- _Problem requirements_: Your output must consist of the records printed verbatim, with the pictures excluded.

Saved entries
== == ==
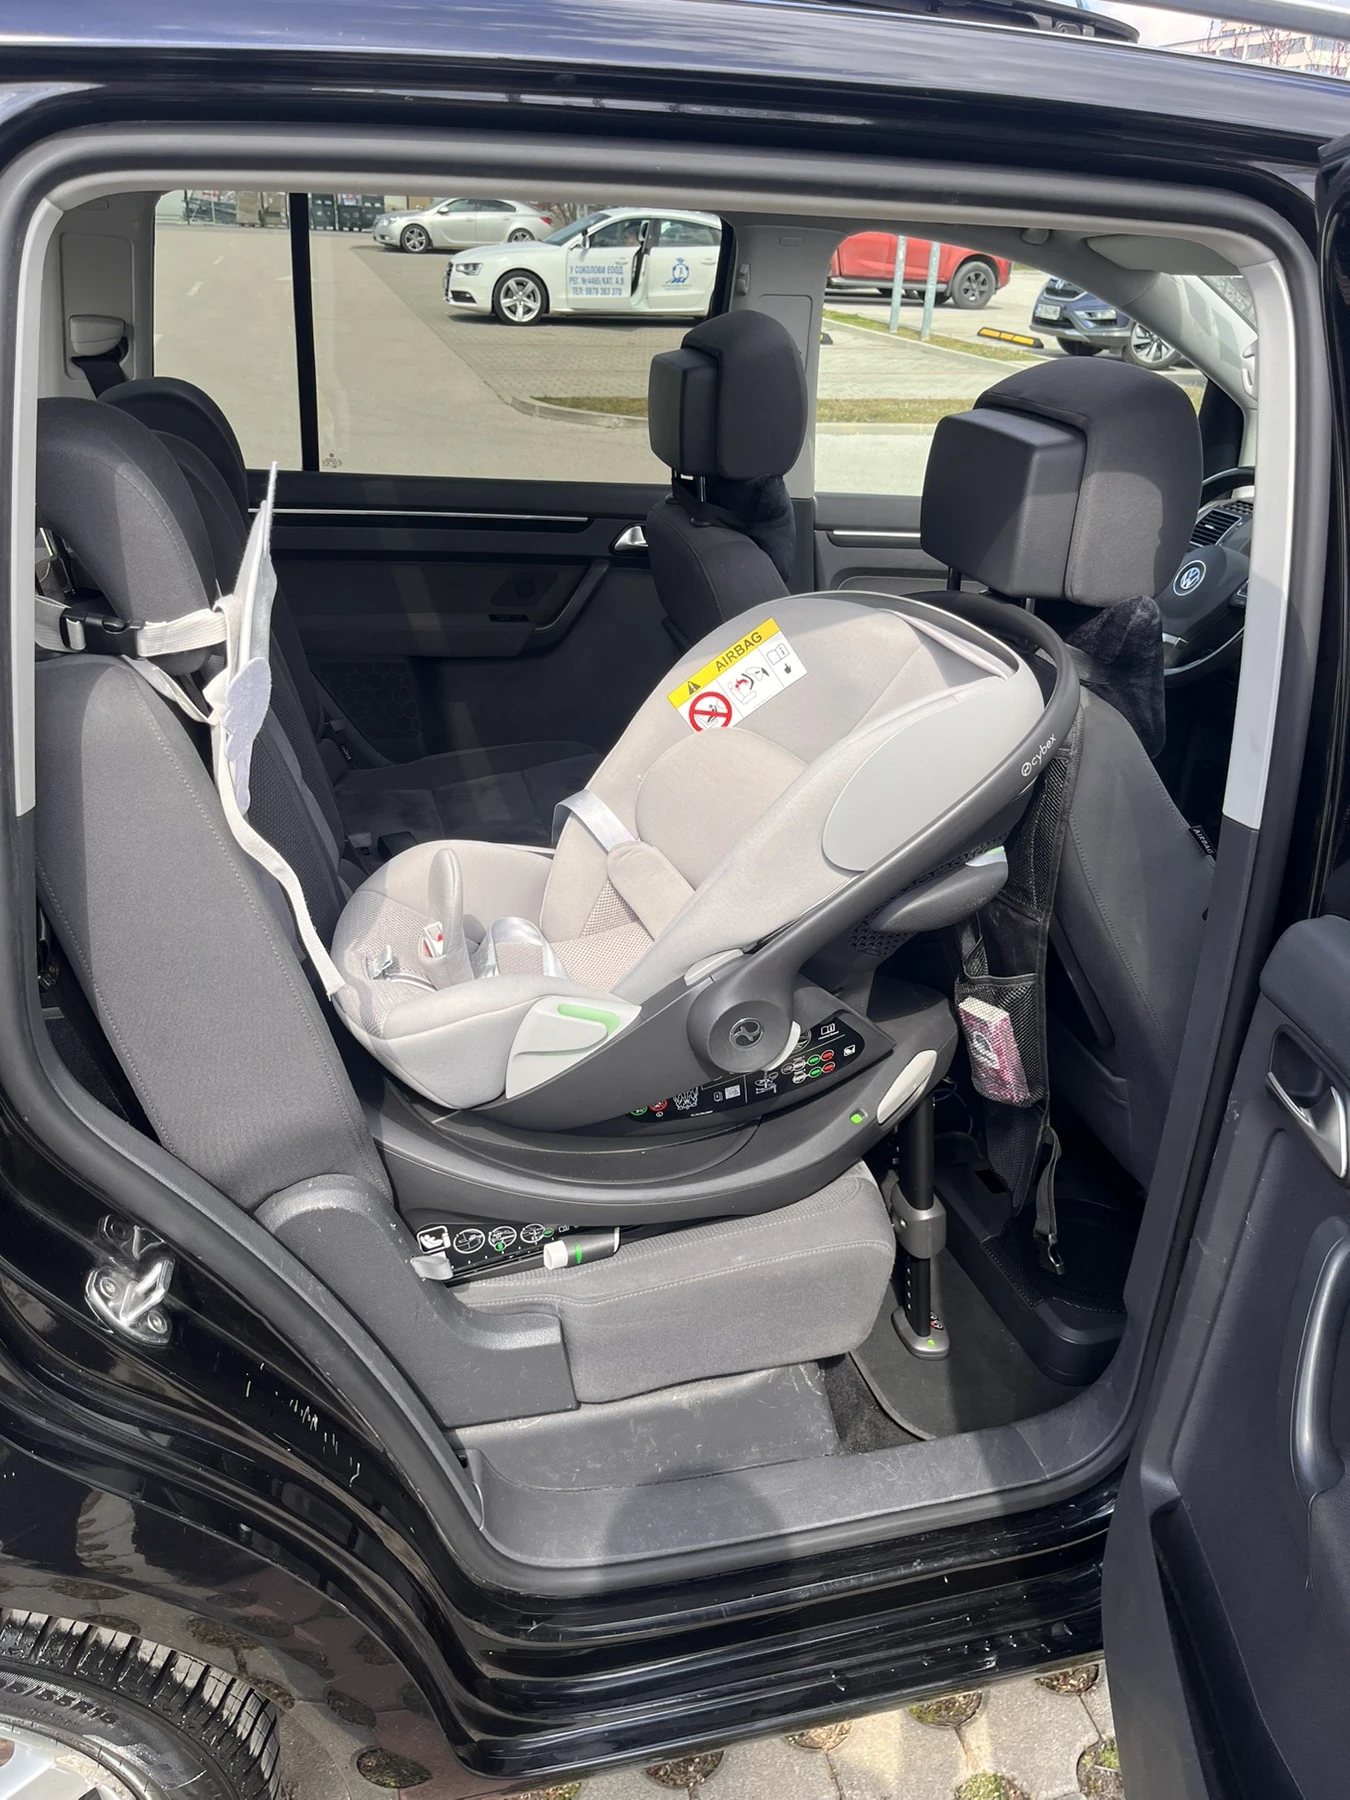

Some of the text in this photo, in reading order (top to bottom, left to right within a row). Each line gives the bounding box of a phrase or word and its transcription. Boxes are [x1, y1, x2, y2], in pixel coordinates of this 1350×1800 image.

[715, 631, 763, 672] AIRBAG
[1031, 733, 1057, 765] cybex
[1192, 828, 1214, 854] AIRBAG
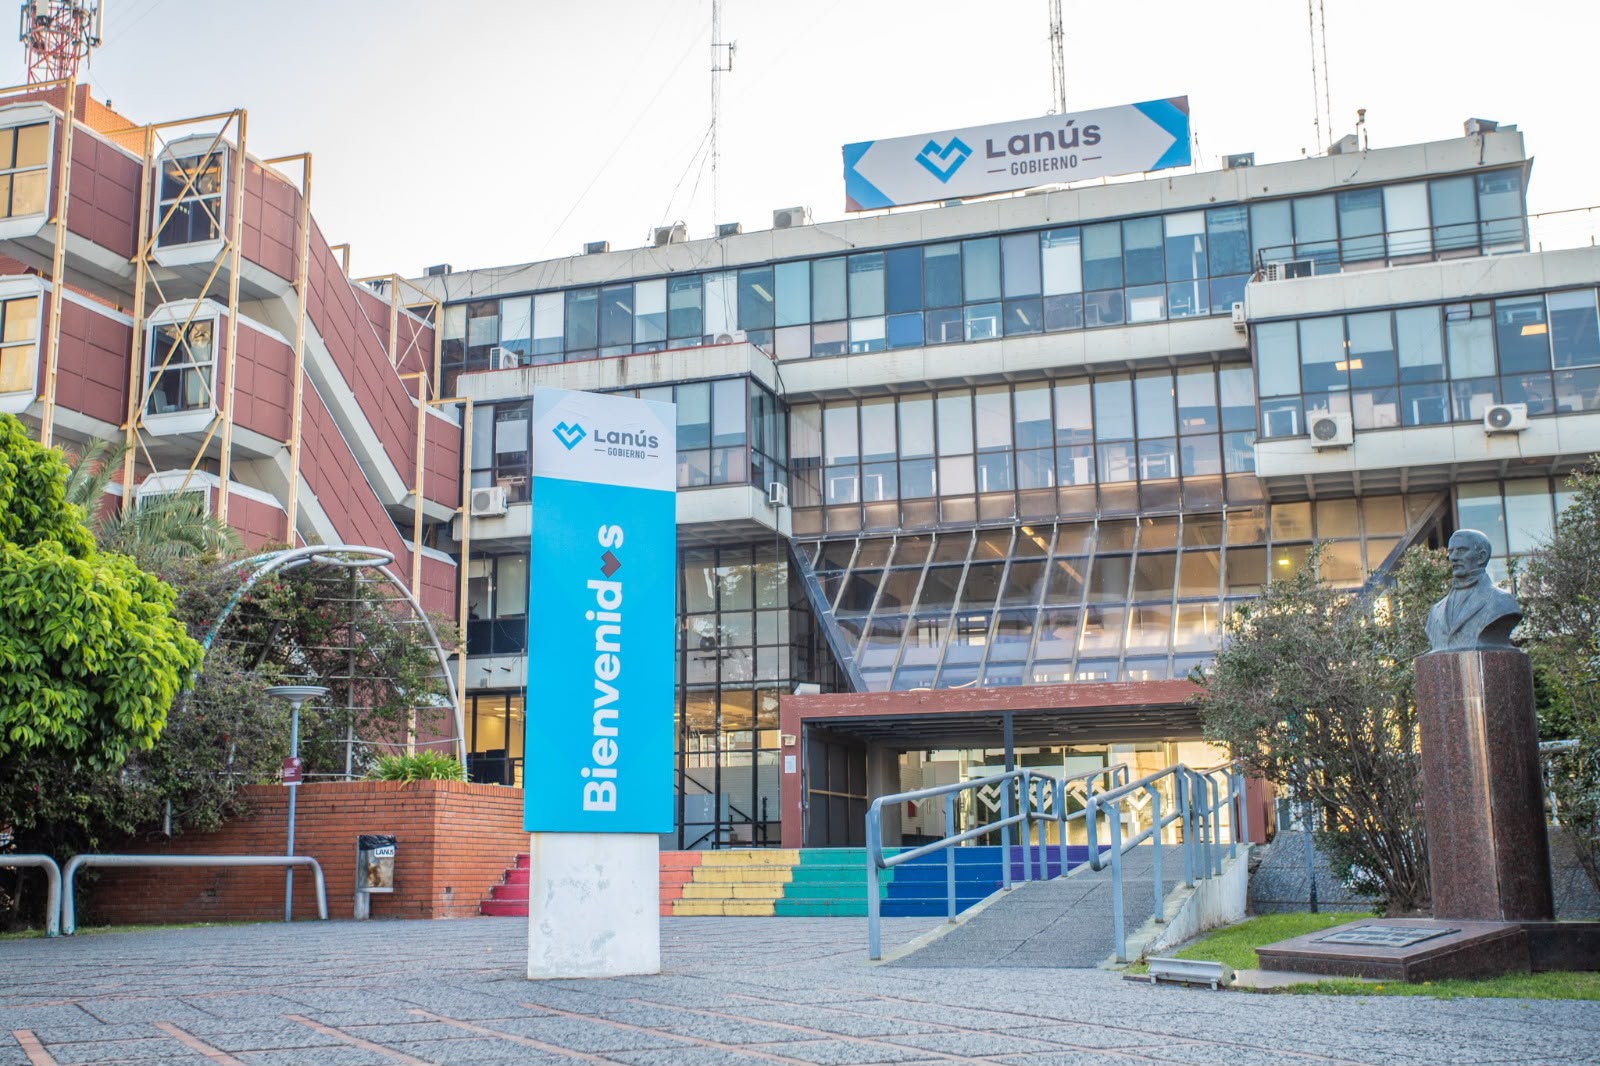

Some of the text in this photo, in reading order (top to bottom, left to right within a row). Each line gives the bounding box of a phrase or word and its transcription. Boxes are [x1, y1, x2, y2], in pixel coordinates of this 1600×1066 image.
== == ==
- _Completed task_:
Some of the text in this photo, in reading order (top to bottom, left to right within a row). Each line gives the bounding box of a phrase or word and its transcription. Boxes are [x1, y1, x2, y2], in pixel coordinates of this 1350×1800 image.

[715, 631, 763, 672] AIRBAG
[1031, 733, 1057, 765] cybex
[1192, 828, 1214, 854] AIRBAG

Some of the text in this photo, in reading order (top to bottom, left to right within a row). Each line gives the bounding box of a phrase or word and its transcription. Boxes are [x1, y1, x2, y2], in pixel coordinates of this 1600×1066 image.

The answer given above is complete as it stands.